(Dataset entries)

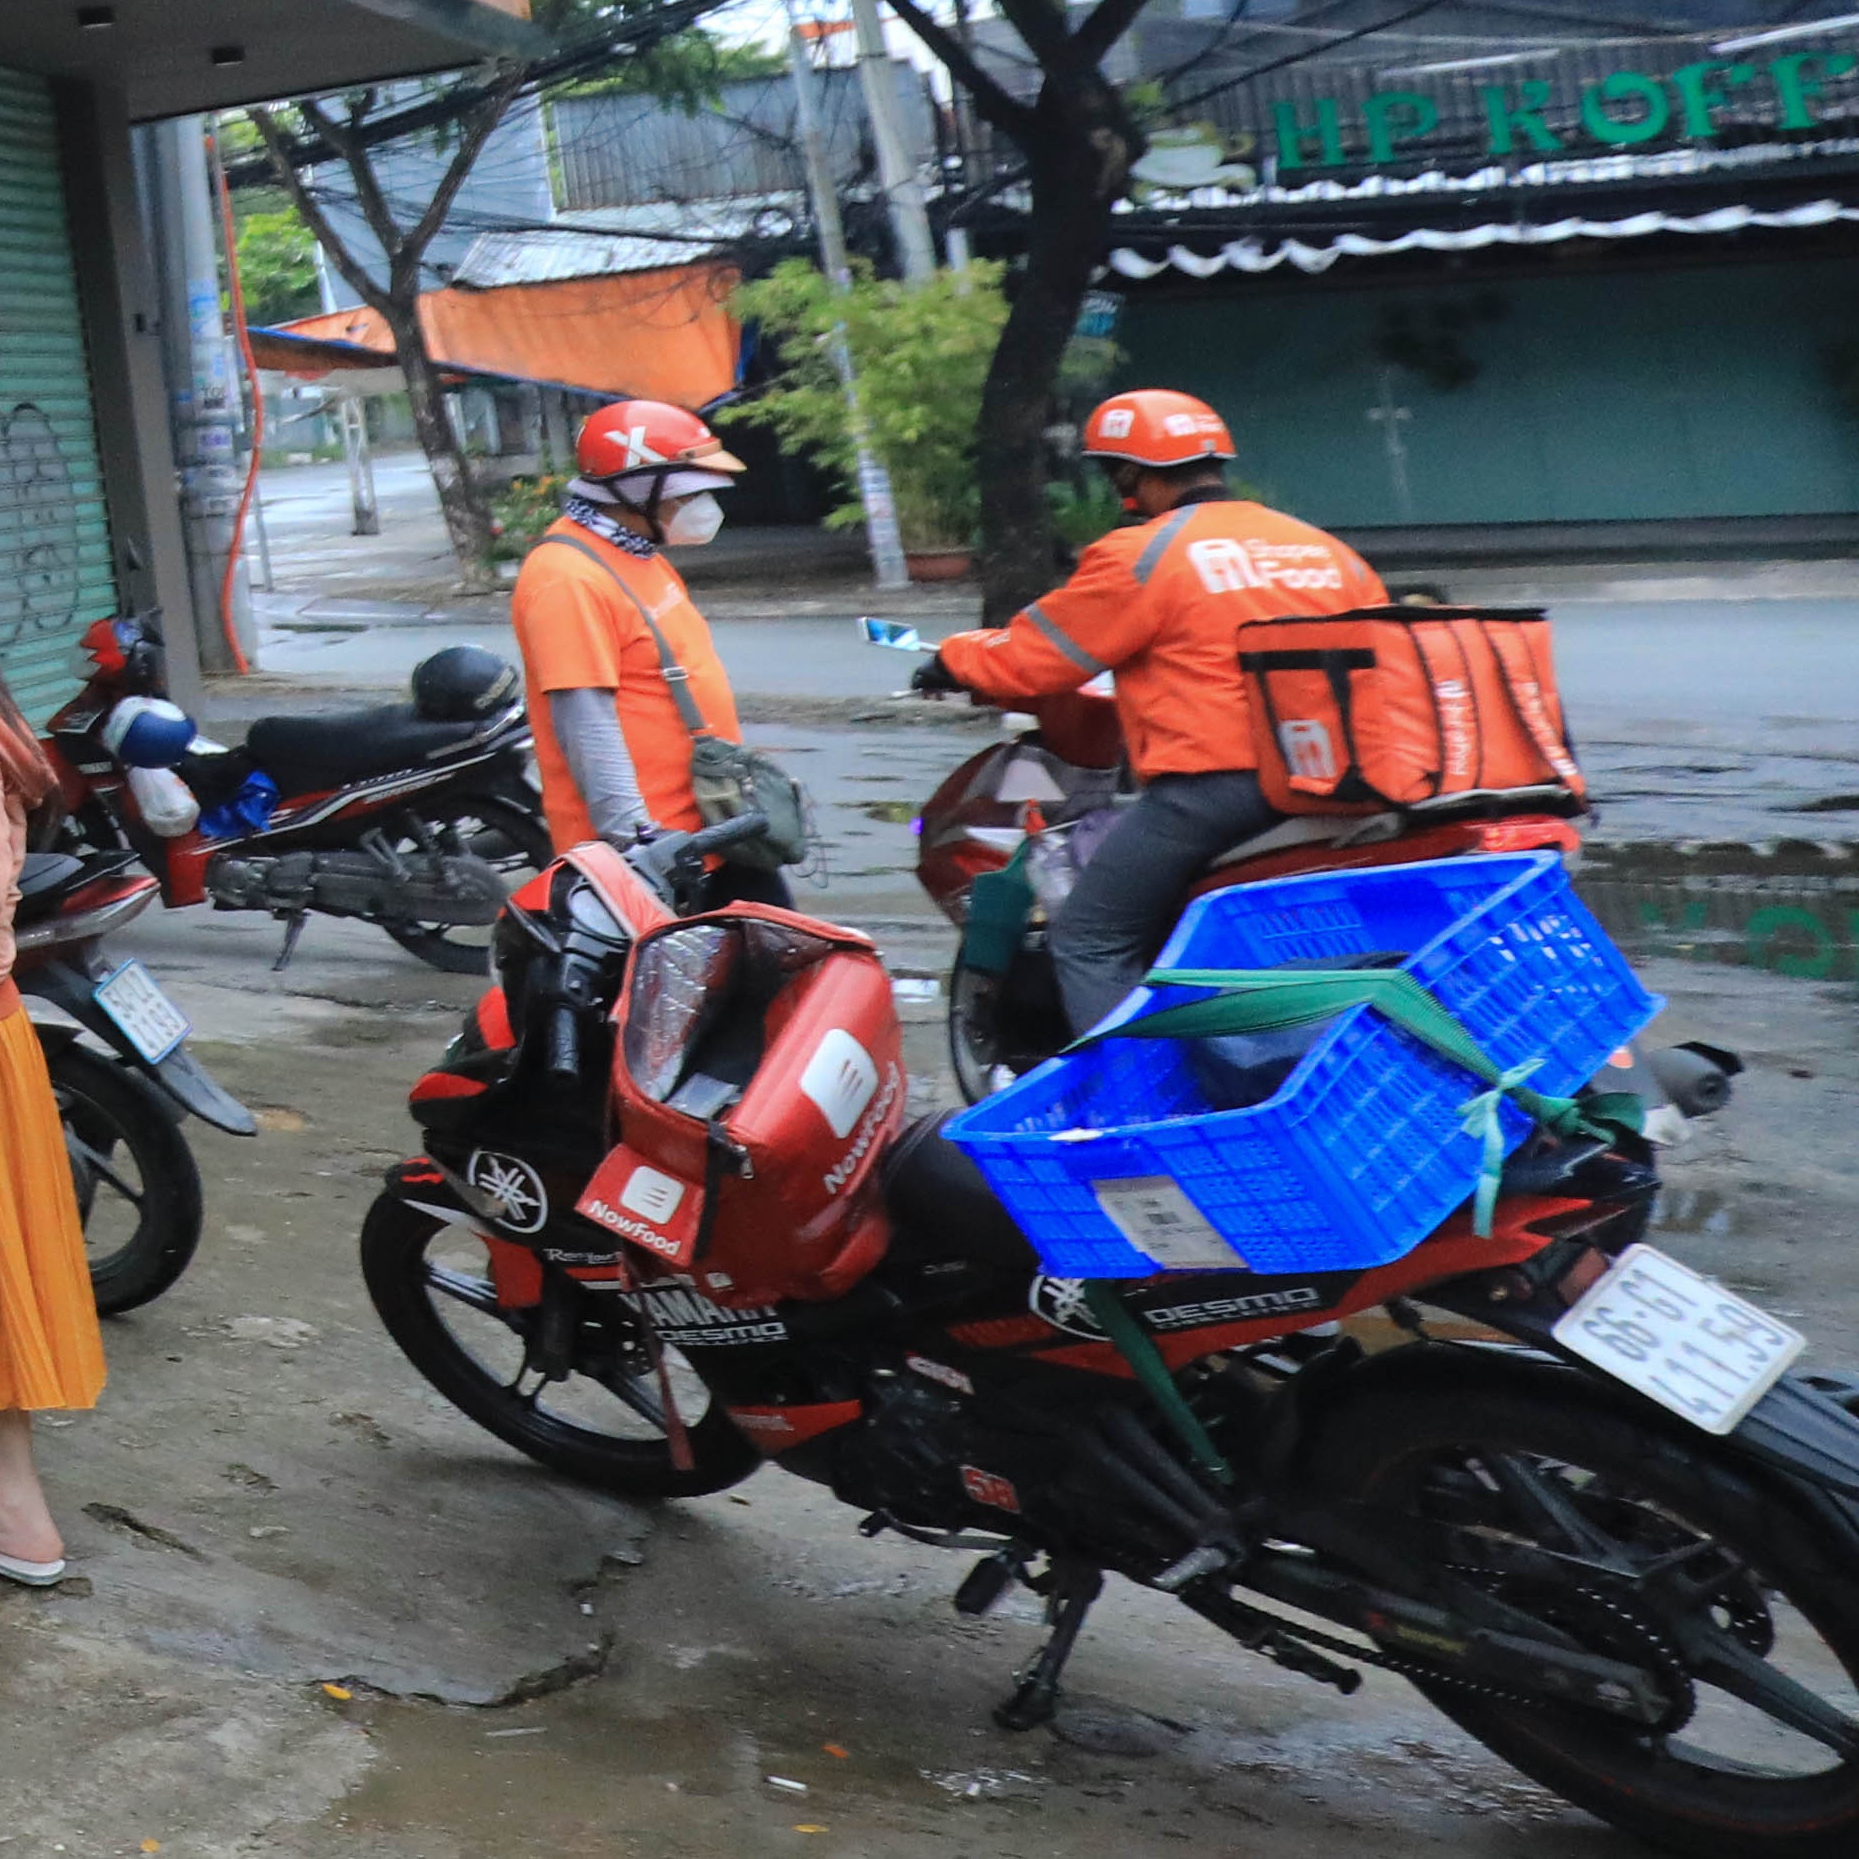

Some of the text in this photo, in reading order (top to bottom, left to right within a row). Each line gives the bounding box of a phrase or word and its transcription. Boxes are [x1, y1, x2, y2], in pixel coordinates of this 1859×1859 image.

[1271, 89, 1441, 170] HP
[1256, 560, 1343, 589] Food
[824, 1060, 902, 1195] NowFood
[588, 1199, 682, 1257] NowFood

* Description of the task: Copy every line above exactly; images stay out.

* Answer to this task:
Some of the text in this photo, in reading order (top to bottom, left to right within a row). Each line gives the bounding box of a phrase or word and its transcription. Boxes are [x1, y1, x2, y2], in pixel coordinates of this 1859×1859 image.

[1271, 89, 1441, 170] HP
[1256, 560, 1343, 589] Food
[824, 1060, 902, 1195] NowFood
[588, 1199, 682, 1257] NowFood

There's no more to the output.